SFFILM FESTIVAL 2022 REVIEW! The Janes looks back on a mighty group of women who cared about women’s health and needs in Chicago in the late 1960s and early 70s. They were an unorthodox and anti-establishment organization. Through meticulously constructed archival footage combined with meaningful interviews, directors Tia Lessin and Emma Pildes create a personalized account of how and why the Janes existed and what facilitated their disbandment.
The Janes was an underground humanitarian effort to provide women with safe abortions while the procedure was illegal and shrouded in condemnation. Yet, as much as abortions were vilified, there was an overwhelming need for them. To fill this need, a group of seven women came together, each with their own reasoning and experience, on a mission to provide safe and affordable abortions to those who needed them. Existing underground, the Janes would place small notes around the city as simple as “Call Jane” with a phone number. As a result, some 11,000 women in need of help would contact the Janes over the years.
Directors Lessin and Pildes not only dive into the Janes operation, but they also established the life and times of Chicago, which was beset with civil unrest and on the precipice of social change. At the time, only a married woman could receive birth control and contraceptives. Women had very few liberties to act on their own, so even though abortions were illegal, they happened and were scary, messy, and complicated.
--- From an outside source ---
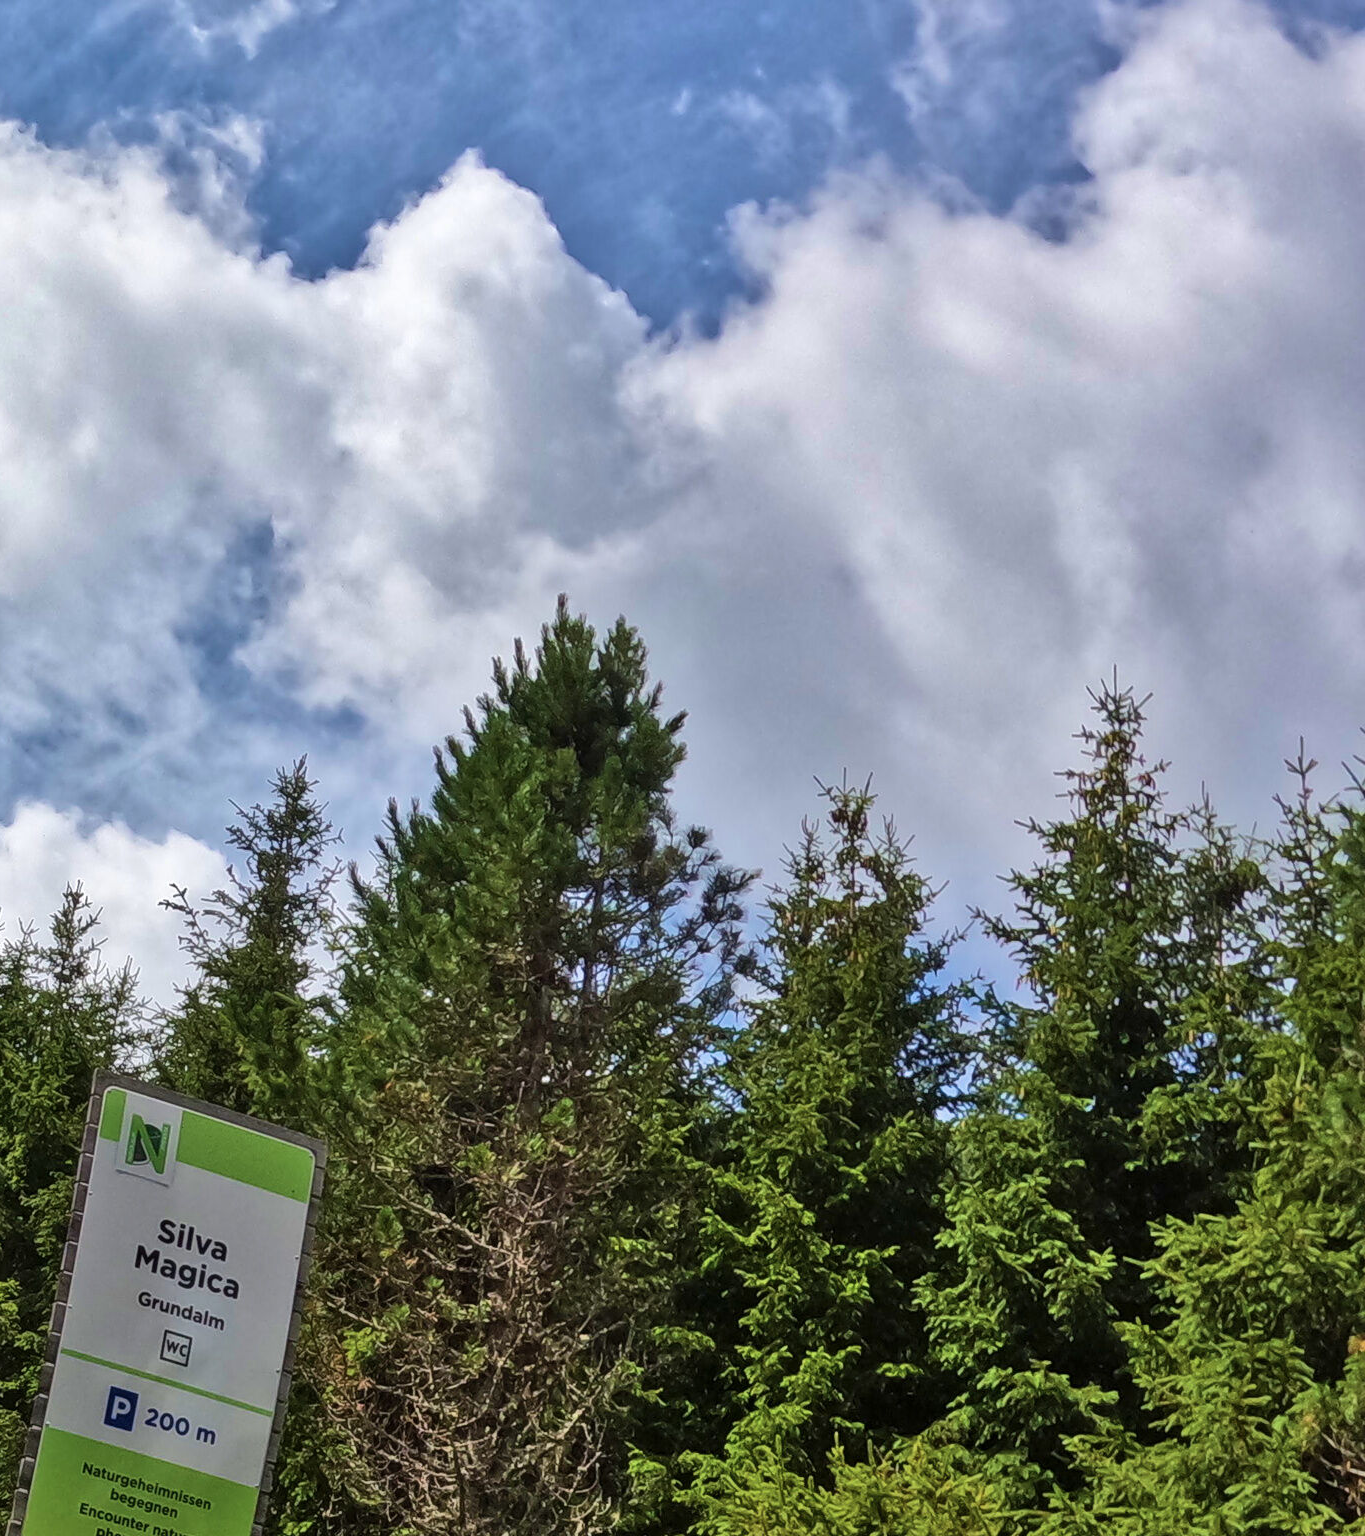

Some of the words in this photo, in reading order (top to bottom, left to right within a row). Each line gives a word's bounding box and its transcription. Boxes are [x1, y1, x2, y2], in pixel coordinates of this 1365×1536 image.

“…humanitarian effort to provide women with safe abortions while the procedure was illegal…”
While under the radar, the Janes established connections with many women who sought an abortion. They created informational cards, found somewhere to perform the procedure, and helped many women through the experience. They instituted code words, blindfolds, safe houses, and many undercover operative techniques to stay unknown. Eventually, they were raided, arrested, charged, and thrown into a women’s prison. What makes The Janes notable is the informative and engaging recall from the women who made up the Janes. They have no regrets and reminisce about their work with dignity.
The Janes had no fear and fended off the mafia, the church, and the state to do their work. In addition, their fearless lawyer timed their case with the overturn of abortion rights so that they would be released without issue. However, in 2022, it appears as if the Roe vs. Wade Supreme Court decision, which allows a woman the right to choose to have an abortion, could be overturned. Do we need to see illegal and dangerous abortions performed in the U.S. modern society? Do hospitals want these situations back in their ERs?
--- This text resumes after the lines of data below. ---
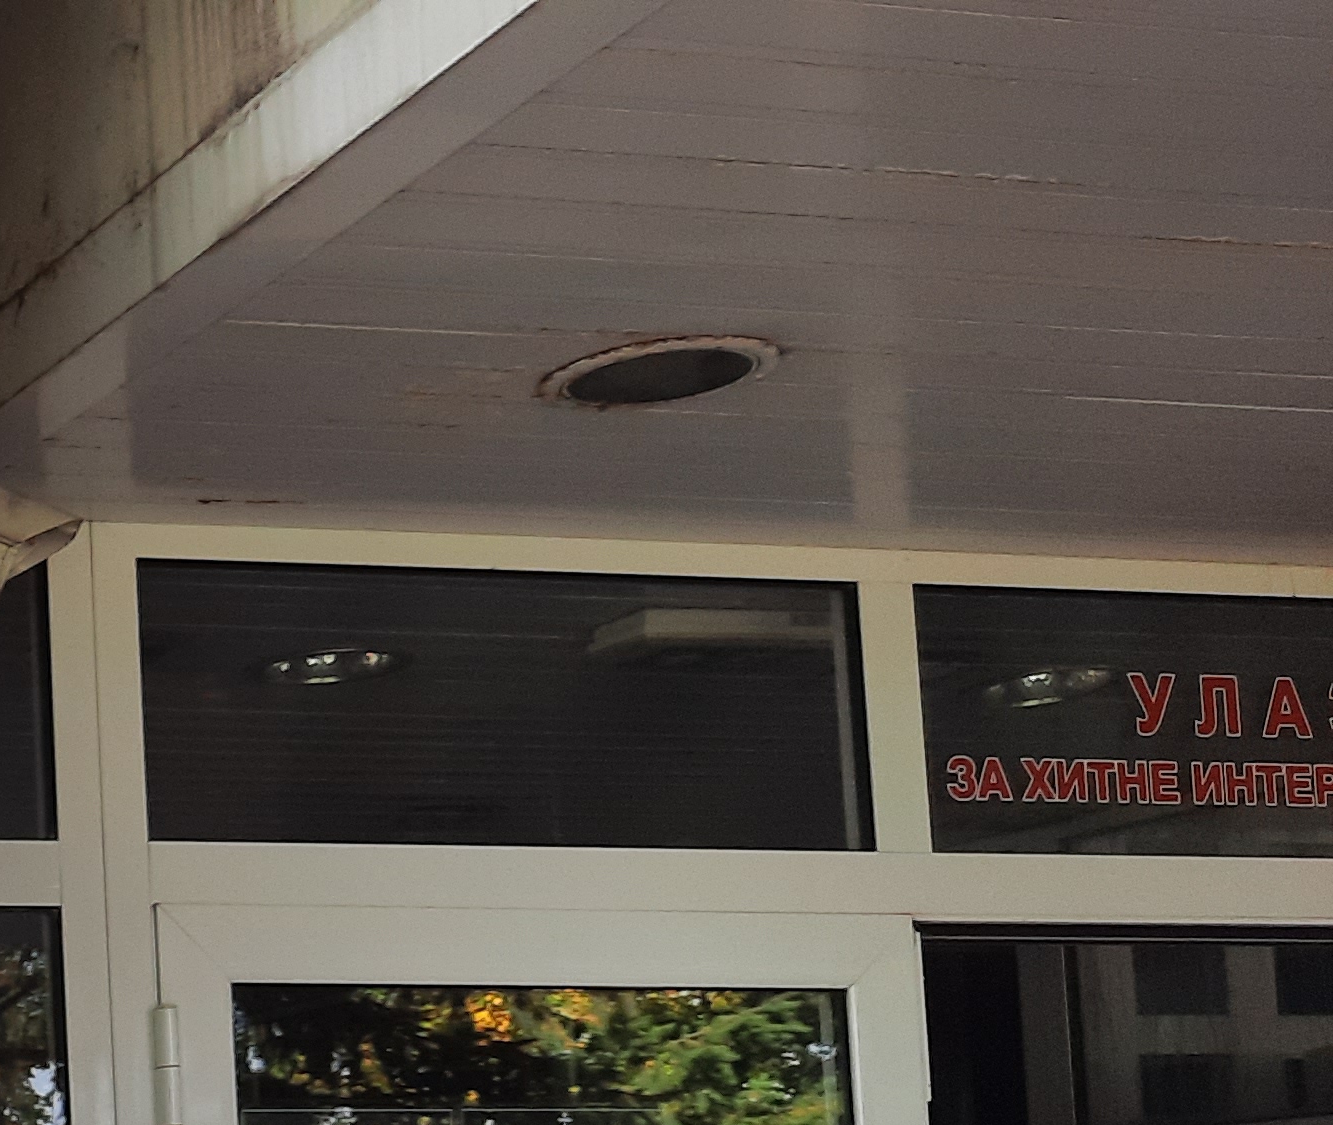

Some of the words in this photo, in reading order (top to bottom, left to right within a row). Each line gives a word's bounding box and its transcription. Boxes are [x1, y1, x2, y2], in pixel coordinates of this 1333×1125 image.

[1127, 672, 1333, 739] УЛА
[946, 755, 1013, 802] ЗА
[1020, 757, 1181, 806] ХИТНЕ
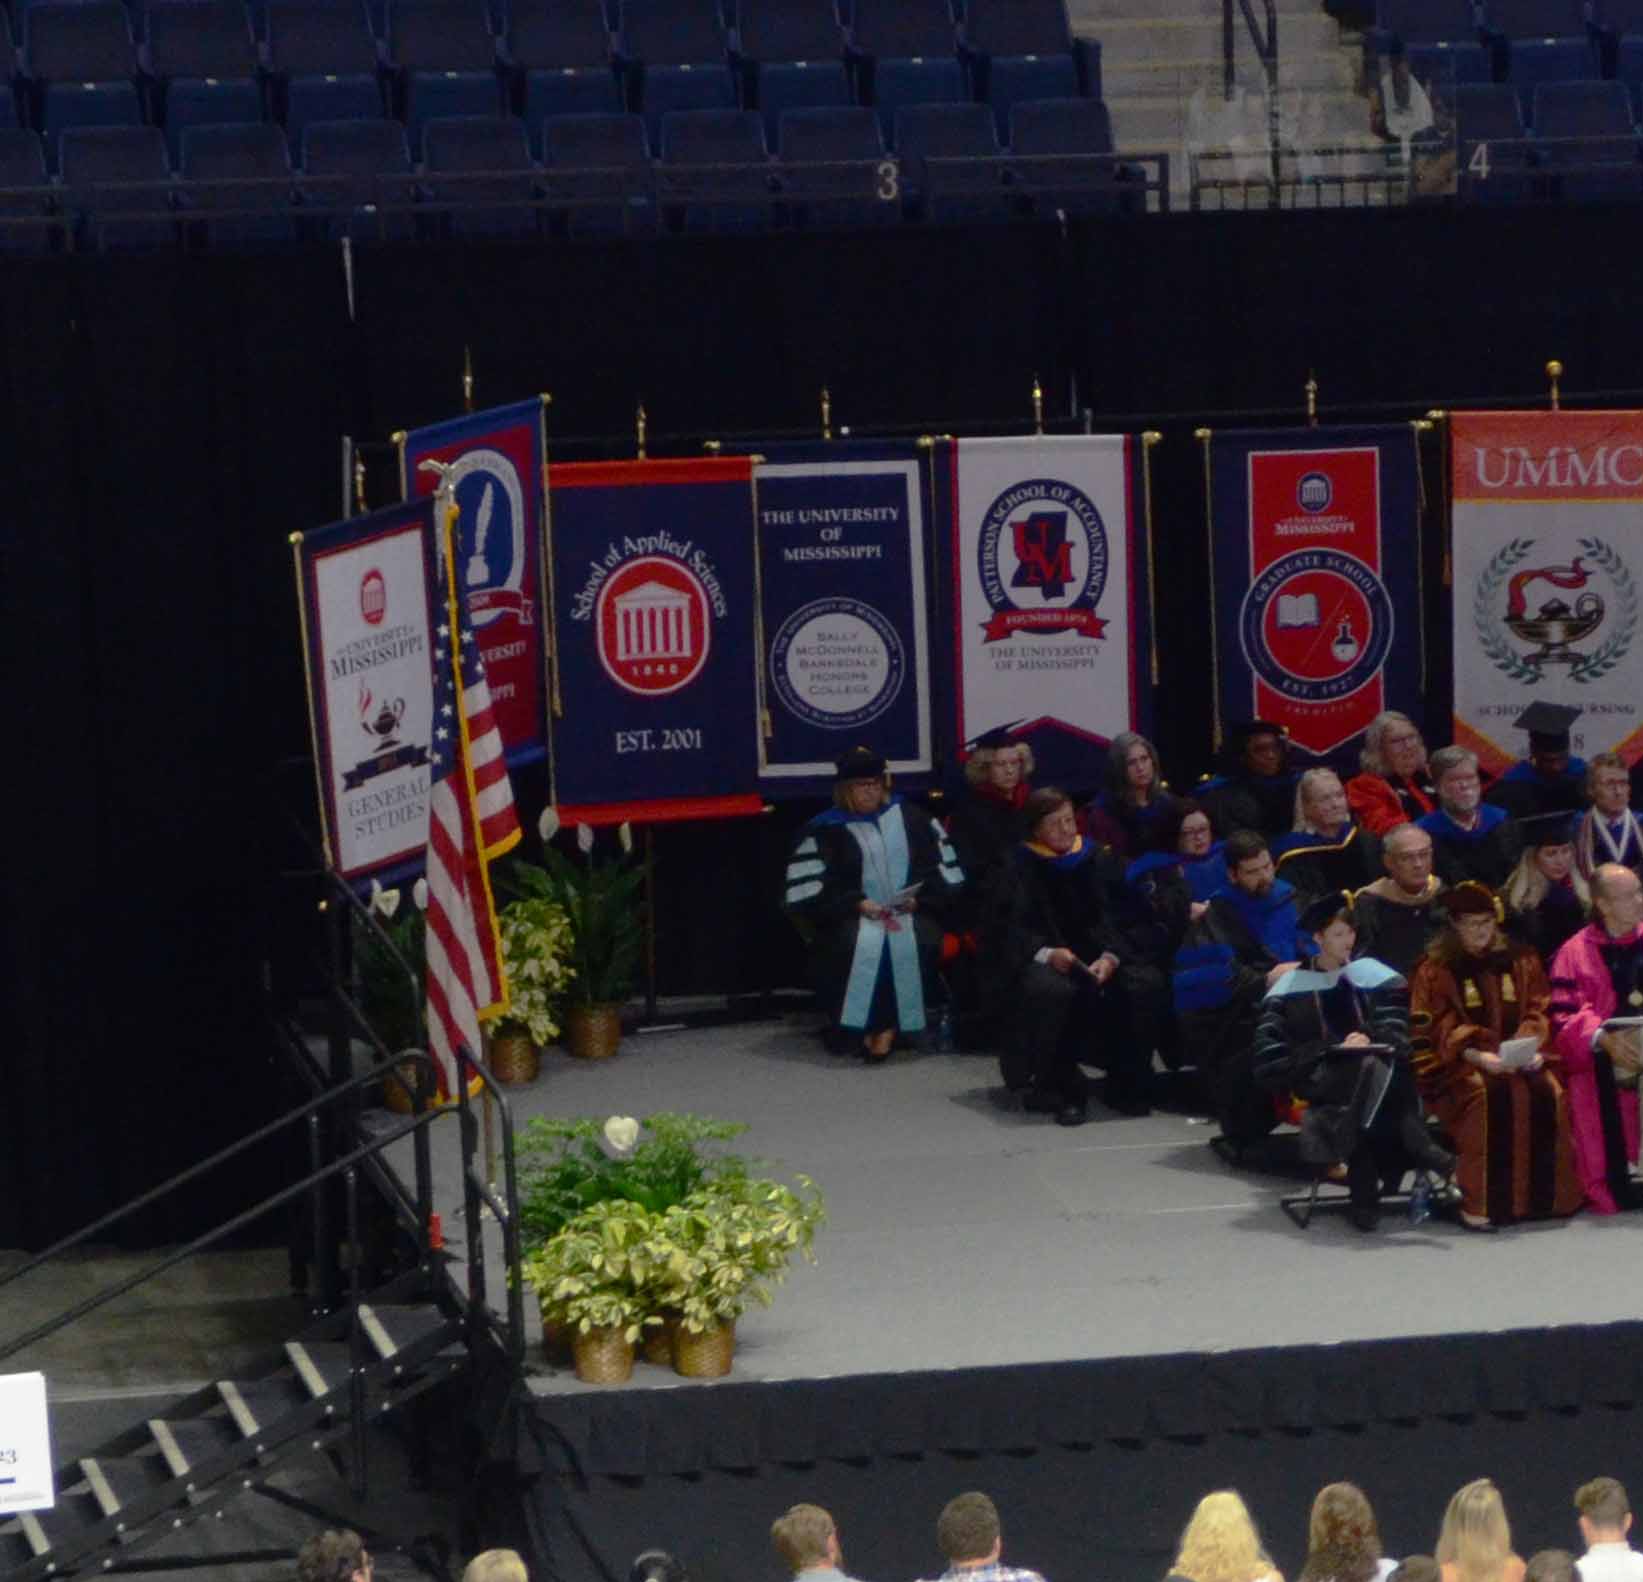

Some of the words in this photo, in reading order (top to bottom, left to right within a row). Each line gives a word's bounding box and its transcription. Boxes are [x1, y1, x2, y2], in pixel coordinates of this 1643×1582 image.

[1469, 143, 1492, 179] 4
[878, 161, 898, 200] 3
[763, 510, 794, 524] THE
[798, 507, 899, 523] UNIVERSITY
[819, 527, 843, 542] OF
[993, 484, 1050, 522] SCHOOL
[1051, 485, 1072, 499] OF
[1071, 497, 1106, 600] ACCOUNTANCY
[784, 545, 882, 562] MISSISSIPPI
[571, 561, 608, 621] School
[604, 542, 621, 567] of
[624, 529, 692, 559] Applied
[688, 550, 728, 618] Sciences
[1254, 555, 1323, 602] GRADUATE
[1327, 556, 1378, 598] SCHOOL
[330, 635, 423, 681] MISSISSIPPI
[990, 646, 1014, 659] THE
[1021, 644, 1101, 658] UNIVERSITY
[994, 659, 1012, 671] OF
[1018, 657, 1095, 672] MISSISSIPPI
[616, 730, 656, 753] EST.
[661, 728, 702, 750] 2001
[348, 777, 430, 817] GENERAL
[355, 802, 426, 840] STUDIES
Better yet, do women need to place themselves in danger again out of desperation due to poverty, rape, and life-changing problems? Abortion is not a form of birth control, and The Janes is proof of the tireless and endless work that made a vital difference. Even though the Janes primarily served white women, they knew there was a need for their service at all economic levels, and they did the best they could.
The Janes also touches on another important area of women’s health: that male doctors mostly dominated the medical field at the time. However, once more women had the means to become doctors and medical practitioners, they provided better care in serving the needs of women. Although the film is timed for an oncoming judicial decision, it serves its purpose well: to ensure everyone knows that these incredible women existed and have a bona fide place in history.